- [EXERCISE GOAL] In the listing below, find the line containing "this 1067×1600 image." and the line containing "this 1536×1024 image.", then copy exactly everything from the first through the second, except the pictures.

┌─ INPUT DATA

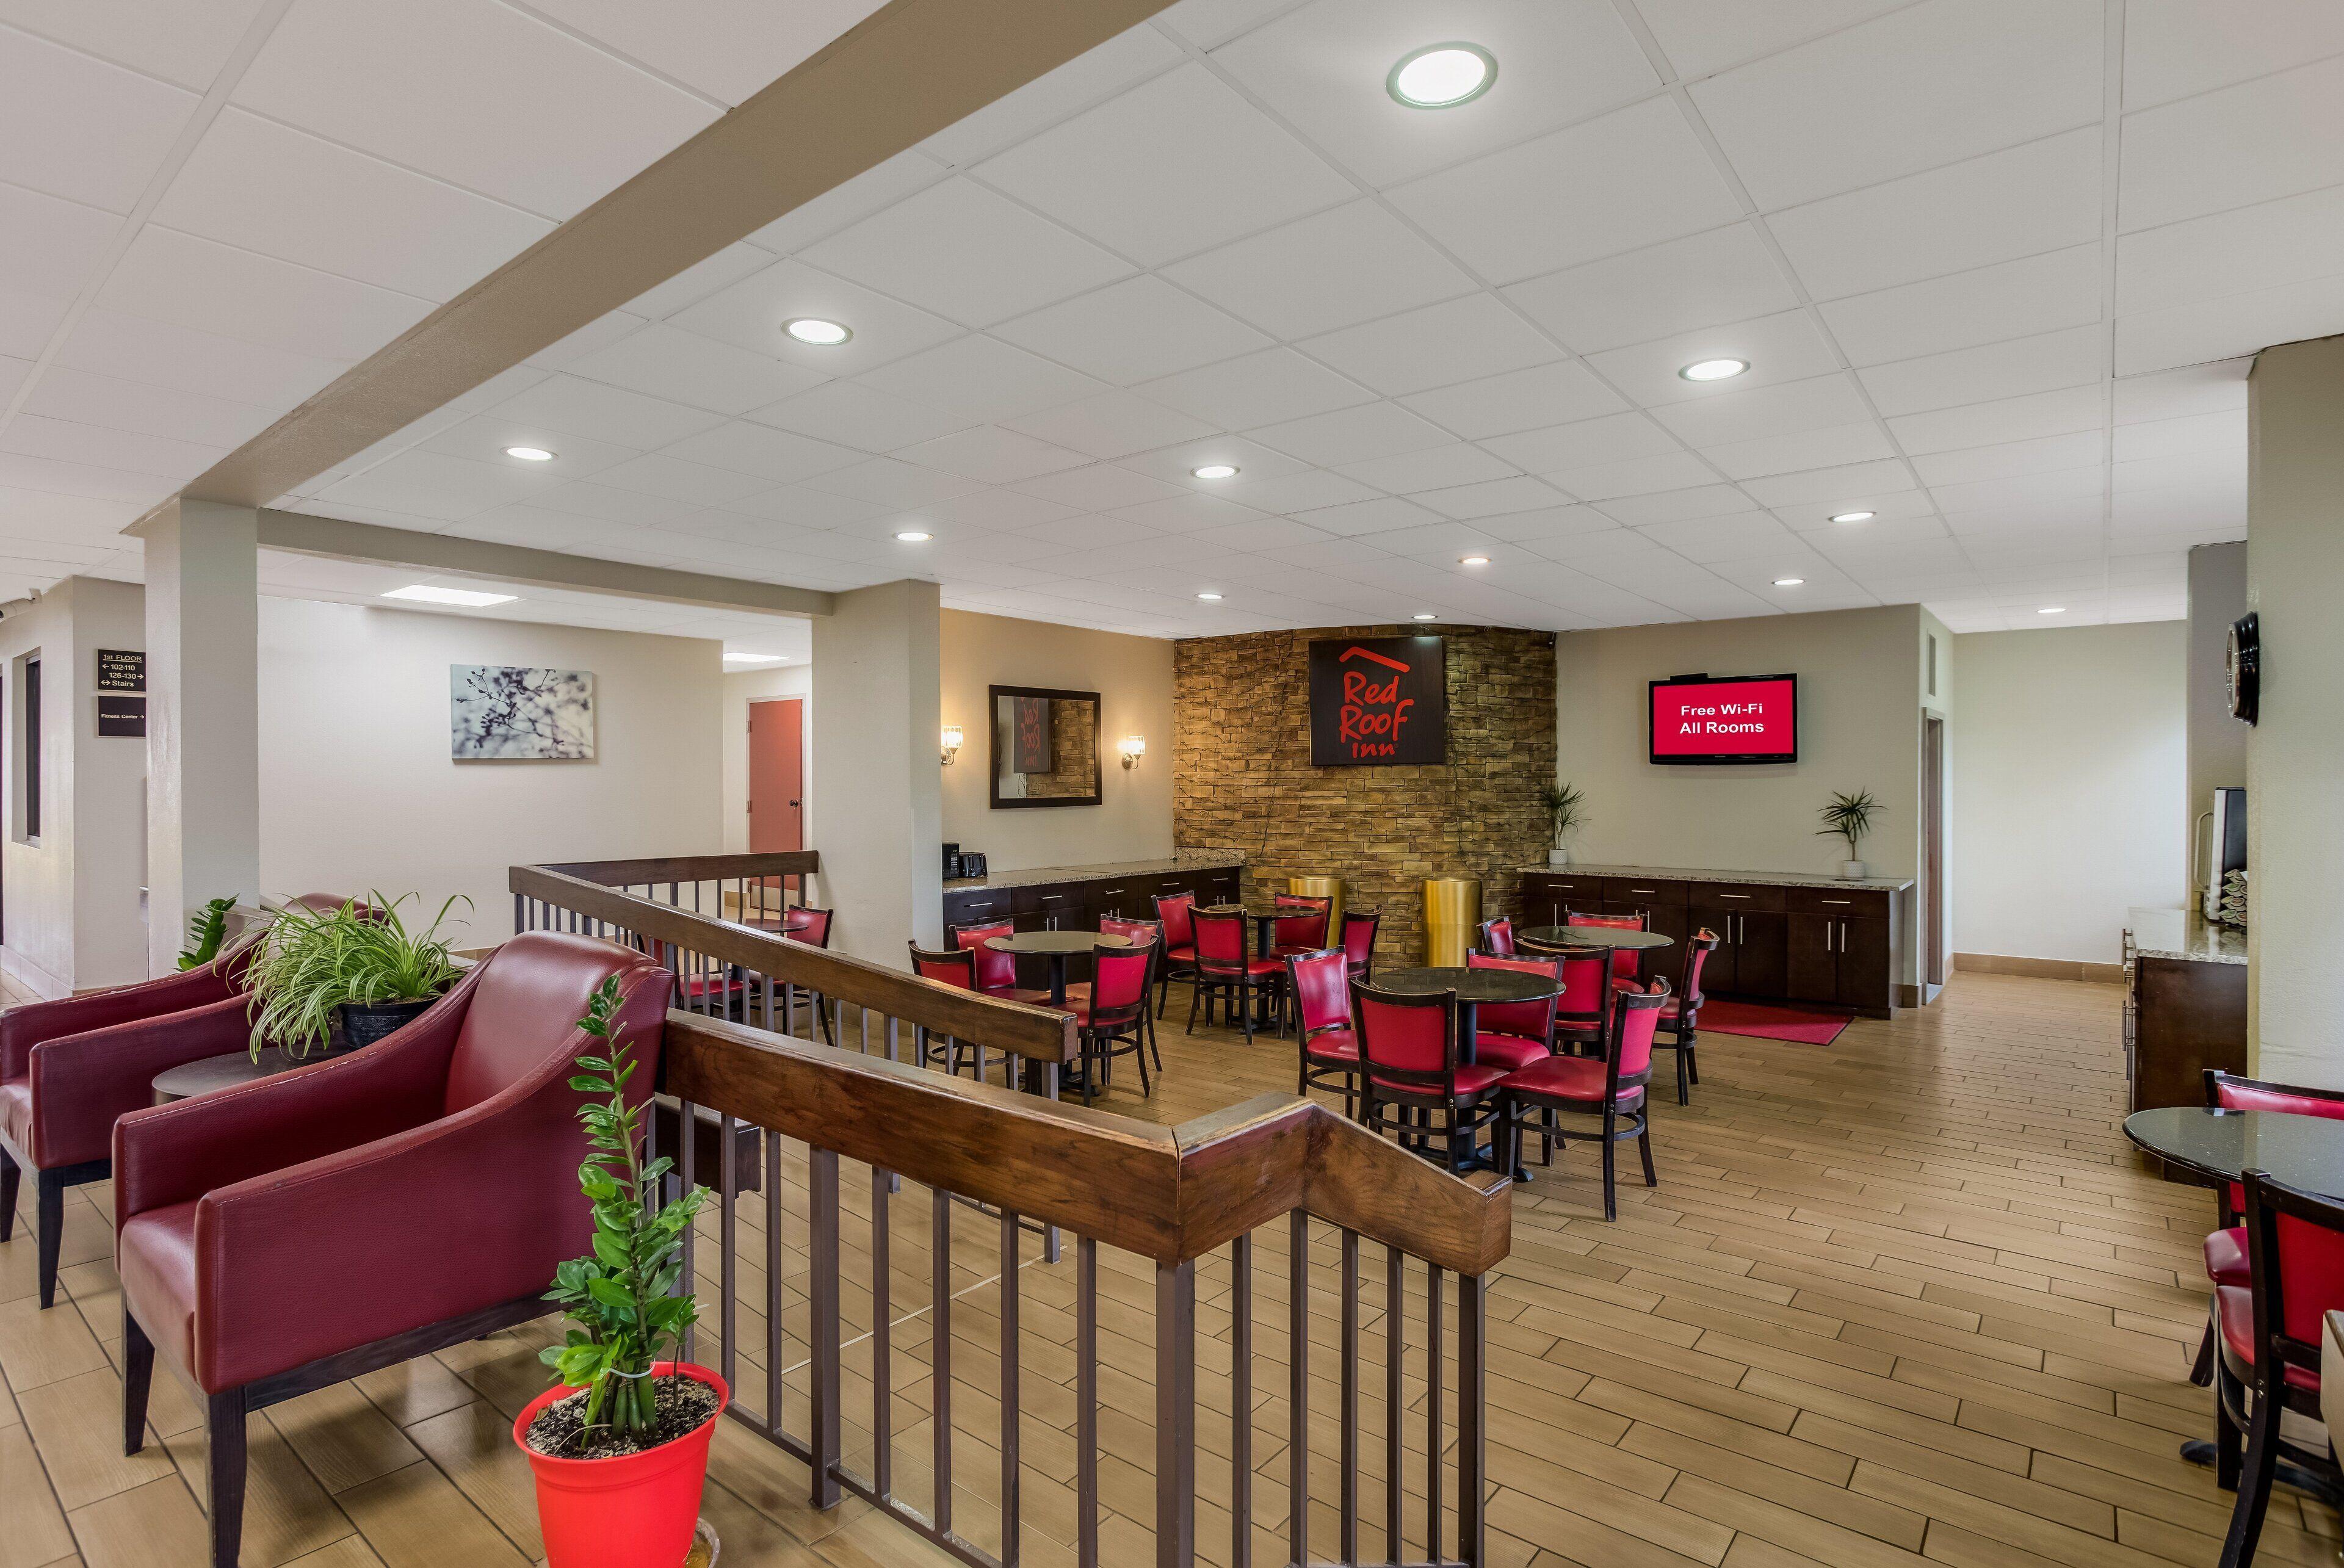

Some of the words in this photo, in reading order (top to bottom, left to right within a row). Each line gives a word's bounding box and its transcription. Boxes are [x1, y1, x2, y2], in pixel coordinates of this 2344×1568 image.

└─
┌─ INPUT DATA

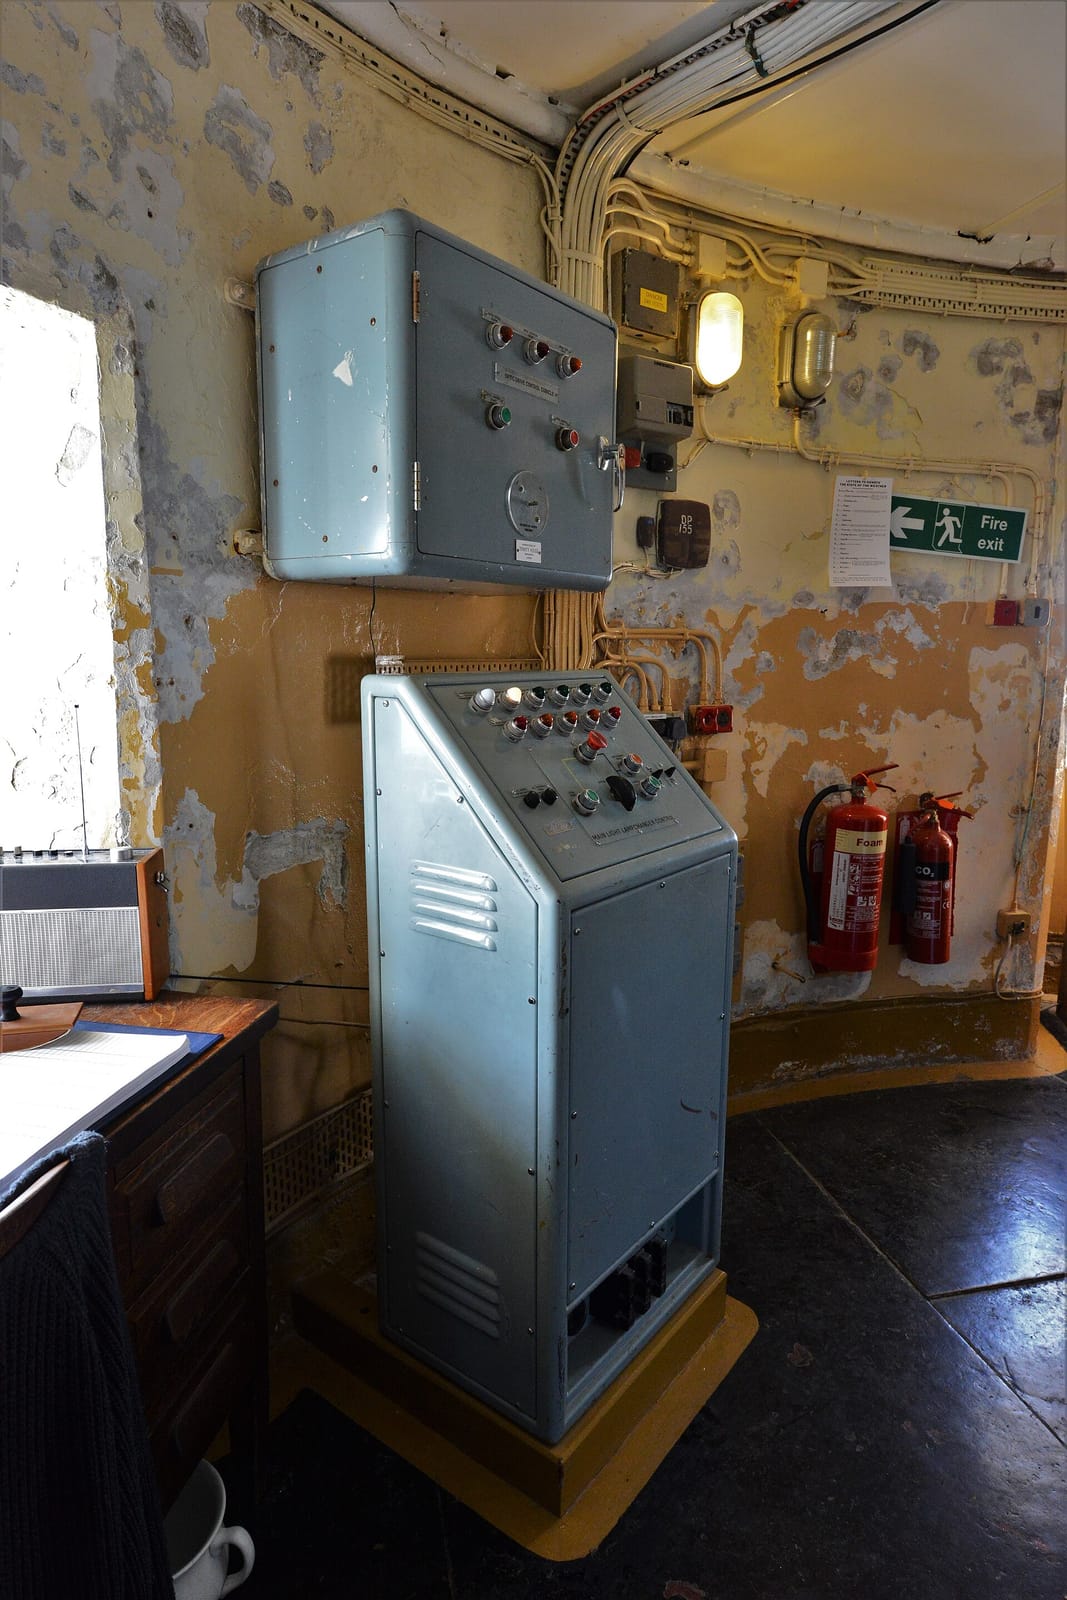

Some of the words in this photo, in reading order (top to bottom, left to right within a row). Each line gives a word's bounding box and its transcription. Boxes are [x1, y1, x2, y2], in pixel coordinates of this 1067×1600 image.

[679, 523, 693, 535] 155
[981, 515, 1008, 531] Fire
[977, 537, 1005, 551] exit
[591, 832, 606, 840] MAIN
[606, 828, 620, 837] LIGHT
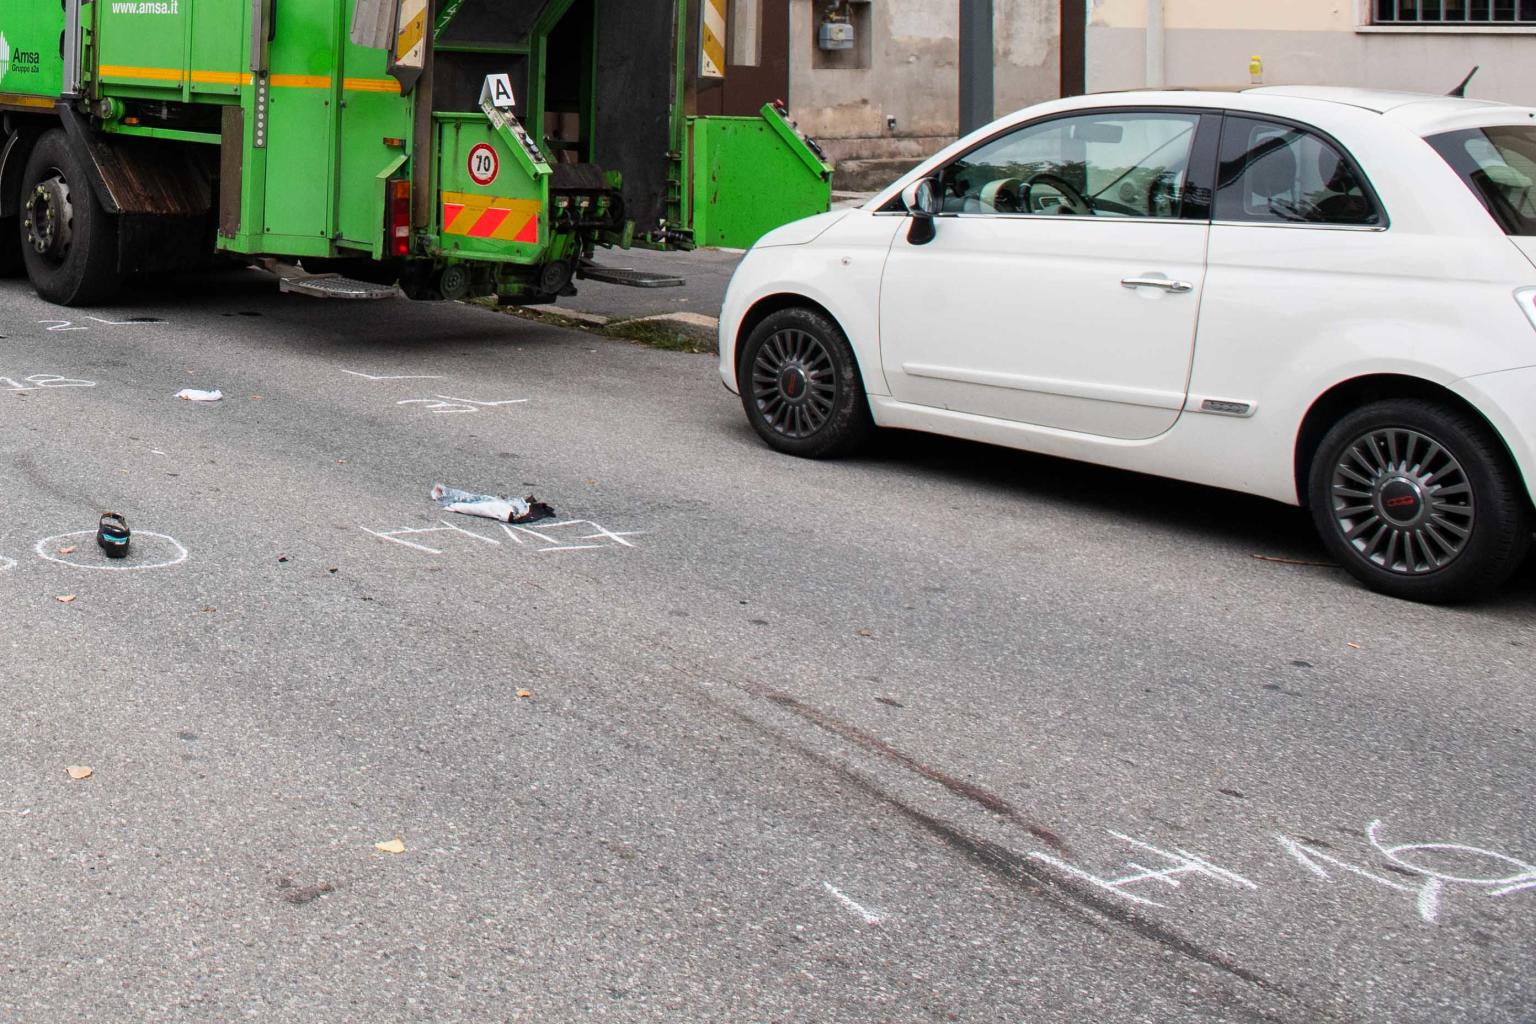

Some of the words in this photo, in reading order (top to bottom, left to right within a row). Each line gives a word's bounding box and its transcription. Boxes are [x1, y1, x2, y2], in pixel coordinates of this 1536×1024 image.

└─
┌─ INPUT DATA

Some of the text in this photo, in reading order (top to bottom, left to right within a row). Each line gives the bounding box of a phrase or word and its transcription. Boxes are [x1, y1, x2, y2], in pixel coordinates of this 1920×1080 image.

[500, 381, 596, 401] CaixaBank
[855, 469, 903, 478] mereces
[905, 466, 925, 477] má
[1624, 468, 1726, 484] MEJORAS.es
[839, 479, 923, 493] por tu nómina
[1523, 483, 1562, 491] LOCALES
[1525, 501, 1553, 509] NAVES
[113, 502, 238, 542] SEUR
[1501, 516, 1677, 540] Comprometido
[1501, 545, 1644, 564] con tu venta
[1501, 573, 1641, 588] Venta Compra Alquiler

└─

- [RESULT FOR THIS EXERCISE]
Some of the words in this photo, in reading order (top to bottom, left to right within a row). Each line gives a word's bounding box and its transcription. Boxes are [x1, y1, x2, y2], in pixel coordinates of this 1067×1600 image.

[679, 523, 693, 535] 155
[981, 515, 1008, 531] Fire
[977, 537, 1005, 551] exit
[591, 832, 606, 840] MAIN
[606, 828, 620, 837] LIGHT

Some of the words in this photo, in reading order (top to bottom, left to right within a row). Each line gives a word's bounding box and its transcription. Boxes are [x1, y1, x2, y2], in pixel coordinates of this 1536×1024 image.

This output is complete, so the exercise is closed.